A few days later I met with my physical therapist, Eric, who did a full athletic history and evaluation. He said my shin pain was due to the fact that I had a lot of scar tissue my legs, which is why they didn’t get better with rest alone. His plan of action: break up the scar tissue with ASTYM, strengthen my leg muscles, and train me on a better running posture to prevent recurrence.

My calves after a session of ASTYM - early in the process

My Legs after ASTYM – Early in the Process

My ASTYM included both anterior tibialis muscles (front outside lower leg), my left posterior tibialis (front inside lower leg), both calves, and the bottoms of both feet. The video above must have been done on a person who didn’t have any injuries because Holy Fucking Shit ASTYM hurts! The first time Eric did ASTYM on me, it hurt so much I was shaking by the time he was halfway through. (He said I was the first person he’s seen have that reaction.) I never shook again, but it is not uncommon for me to cringe, grunt, scream, swear, and pound the table during ASTYM. I’ve pulled my foot away a few times, and each time Eric patiently holds out his hand until I give it back.
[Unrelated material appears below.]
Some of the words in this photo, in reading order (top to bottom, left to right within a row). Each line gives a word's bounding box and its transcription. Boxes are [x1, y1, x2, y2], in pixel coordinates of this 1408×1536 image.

And did I mention the bruising? We’re all glad I did this during winter because if I wore a dress or shorts outside, everyone would wonder who’s beating me.

The good news is the pain gets better and the bruising decreases over time as the scar tissue breaks up. When he works on me, Eric uses ASTYM and manually massages my tibialis muscles. His hands are bright red from the pressure he’s putting on my muscles and except for a few small areas on my plantar fascia and my post tibialis, I’m pretty comfortable compared to when he first worked on me.
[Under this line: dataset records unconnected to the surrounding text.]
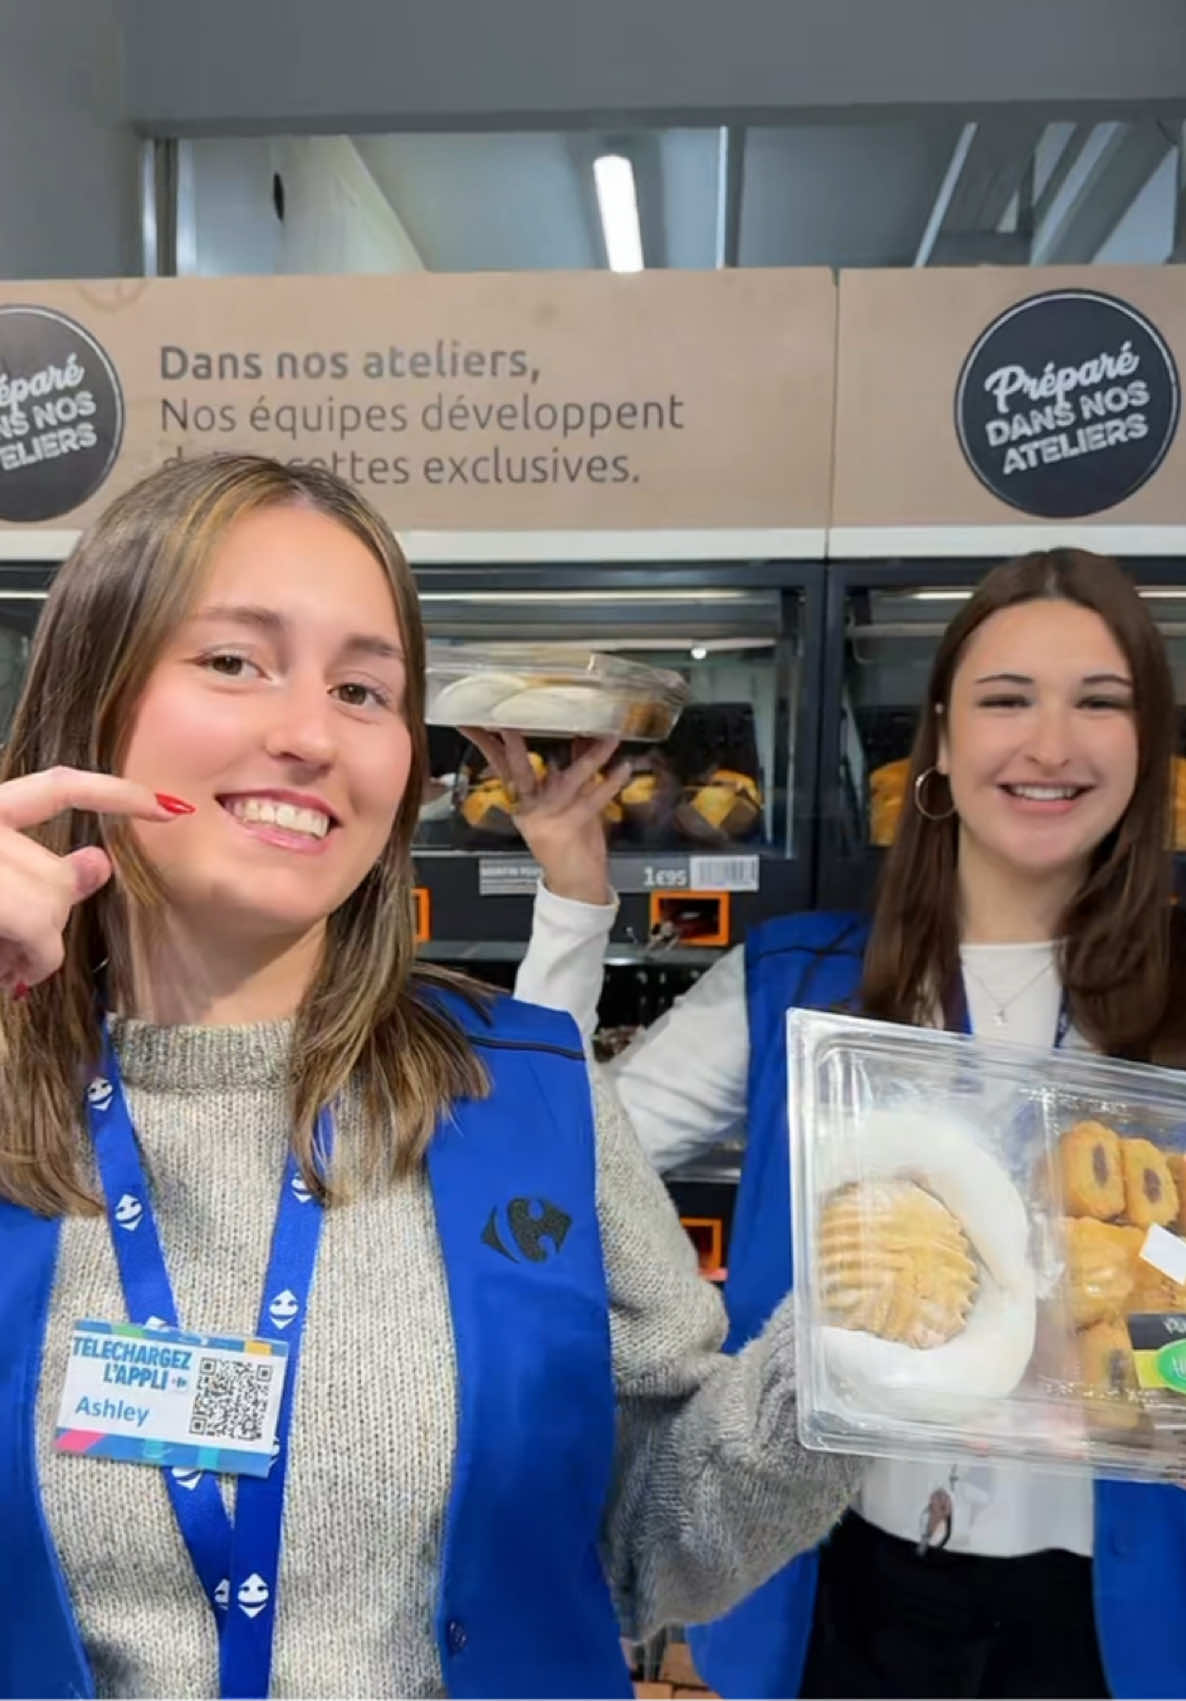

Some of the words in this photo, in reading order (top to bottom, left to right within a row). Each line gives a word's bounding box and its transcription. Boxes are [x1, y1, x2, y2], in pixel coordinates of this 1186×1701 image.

[159, 345, 263, 381] Dans
[276, 348, 349, 380] nos
[363, 340, 542, 385] ateliers,
[984, 341, 1140, 414] Préparé
[32, 390, 97, 430] NOS
[160, 398, 235, 434] Nos
[250, 394, 407, 449] équipes
[421, 393, 685, 447] développent
[985, 401, 1076, 447] DANS
[1079, 380, 1150, 420] NOS
[423, 446, 641, 485] exclusives.
[1002, 413, 1149, 475] ATELIERS
[102, 1362, 169, 1391] L'APPLI
[74, 1395, 151, 1427] Ashley
Dry Needling - 20 Needles in my Post Tibialis

Dry Needling – 20 Needles in my Post Tibialis

We also did some dry needling in my post tibialis during physical therapy. Dry needling uses the same gauge needles as acupuncture but they go all the way into the muscles. It’s based on the premise that the needles cause micro-trauma where they’re inserted which stimulates the healing process. There are people on both sides of whether dry needling is an effective treatment or only placebo. I don’t care. It seemed to help me.

It felt really intense when the needles were in my leg, especially when they were going in. I had an urge to point and flex my foot after the needles were in but I figured that would hurt a lot so I opted to do it with my non-needled foot instead.

I’m happy to share that my legs are on the mend and I’m starting to run again. I’ll write another post soon about the process of learning to run with a completely different running form.